Le 23 mars 2021, les israéliens se rendront dans les urnes pour élire la 24ème Knesset. Eu égard aux dissensions récentes entre les partis de la droite israélienne, le vote des arabes israéliens devrait bien constituer l’enjeu de la victoire. Plus généralement, la multiplicité des partis politiques (de droite comme de gauche) et leurs divergences stratégiques, les incite désormais à séduire (voire à courtiser) le vote arabe : la configuration de la prochaine Knesset devrait en être tout à fait originale. Pour soigner son image auprès des populations arabes israéliennes, le Premier Ministre Benjamin Netanyahou se présente d’ailleurs lui-même comme « Abu Yair » (c’est-à-dire le père de Yair).

Benjamin Netanyahou s’est rendu, au cours de ces trois derniers mois, au sein des communautés arabes, comme il ne l’avait jamais fait, lors des précédentes consultations. Par ailleurs, et sur les réseaux sociaux, il se montre tel un ami des populations arabes israéliennes : on peut ainsi le voir, sur des vidéos de Tik Tok, assis en tailleur, sous une tente de bédouins dans le désert, partageant le café avec les anciens de la tribu.

En outre, il a évoqué la possibilité de nommer Nail Zoabi, premier musulman sur la liste des candidats du Likoud, parmi les membres de son prochain gouvernement (bien que ce dernier ait peu de chance de gagner un siège dans la future Knesset).

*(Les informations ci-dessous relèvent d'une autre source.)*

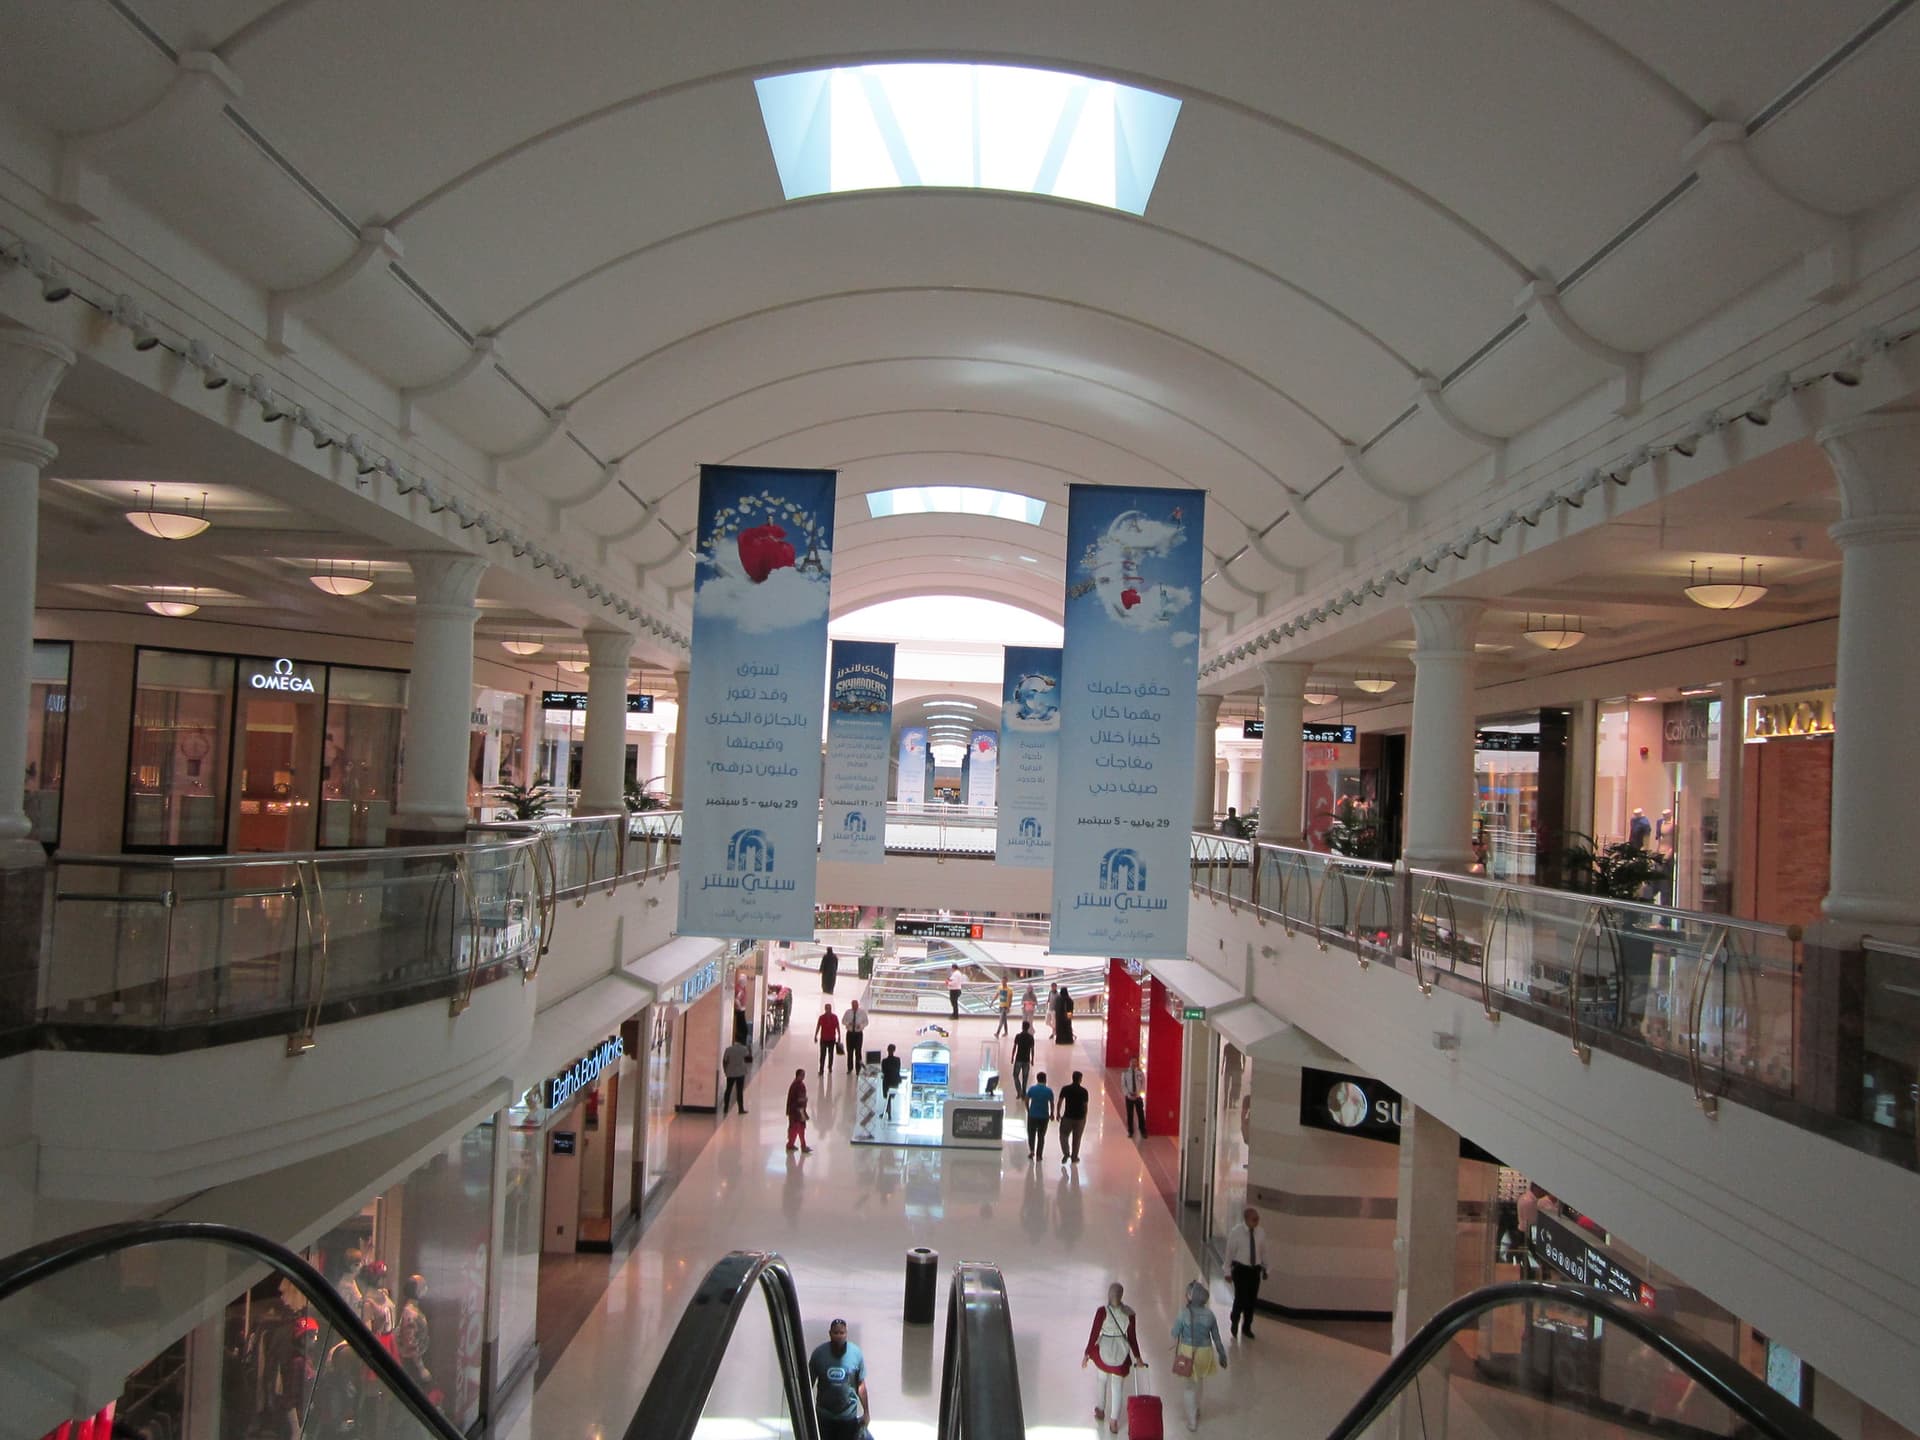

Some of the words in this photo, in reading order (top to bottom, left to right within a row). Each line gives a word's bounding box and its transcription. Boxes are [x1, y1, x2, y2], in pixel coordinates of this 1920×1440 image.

[251, 674, 315, 693] OMEGA
[1087, 680, 1131, 695] حلمك
[642, 701, 649, 709] 2
[1091, 704, 1120, 721] كان
[705, 711, 751, 725] الكبرى
[753, 711, 807, 727] بالجائزة
[1123, 706, 1160, 722] مهما
[1090, 730, 1124, 745] خلال
[1345, 731, 1352, 739] 2
[726, 736, 784, 752] وقيمتها
[756, 761, 799, 777] مليون
[1120, 779, 1158, 796] صيف
[705, 797, 740, 807] سبتمبر
[742, 798, 749, 806] 5
[758, 800, 783, 809] يوليو
[785, 800, 799, 808] 29
[1077, 816, 1112, 825] سبتمبر
[1114, 817, 1121, 825] 5
[1130, 819, 1154, 828] يوليو
[1156, 819, 1170, 828] 29
[700, 873, 739, 890] سنتر
[742, 873, 795, 895] سيتي
[1072, 893, 1111, 910] سنتر
[1114, 892, 1167, 913] سيتي
[552, 1069, 574, 1109] Bath
[573, 1063, 581, 1092] &
[580, 1048, 602, 1086] Body
[600, 1035, 624, 1070] Works

Les candidats figurant sur la liste Likoud sont d’ailleurs confiants sur la capacité du Premier Ministre de gagner un ou deux sièges grâce aux voix de personnes arabes israéliennes, et ainsi remporter la victoire.

Dans son discours, Benjamin Netanyahou ne manque jamais de rappeler qu’il a compris le souhait des citoyens arabe israéliens de voir leur situation s’améliorer, ce qu’il est en mesure de faire, contrairement aux dirigeants arabes qui se sont toujours opposer au progrès. Il a également rappelé l’importance du nombre de vaccins qu’il avait pu obtenir pour Israël. S’agissant de la sécurité, il a promis des budgets supplémentaires pour mettre un terme à criminalité croissante dans les communautés arabes « résultat d’années de négligence et d’hostilité de la police ». Il a également assuré que les accords d’Abraham passé avec les Etats arabes du Golfe étaient une chance pour eux et qu’ils en seraient, bien évidemment, les grands bénéficiaires.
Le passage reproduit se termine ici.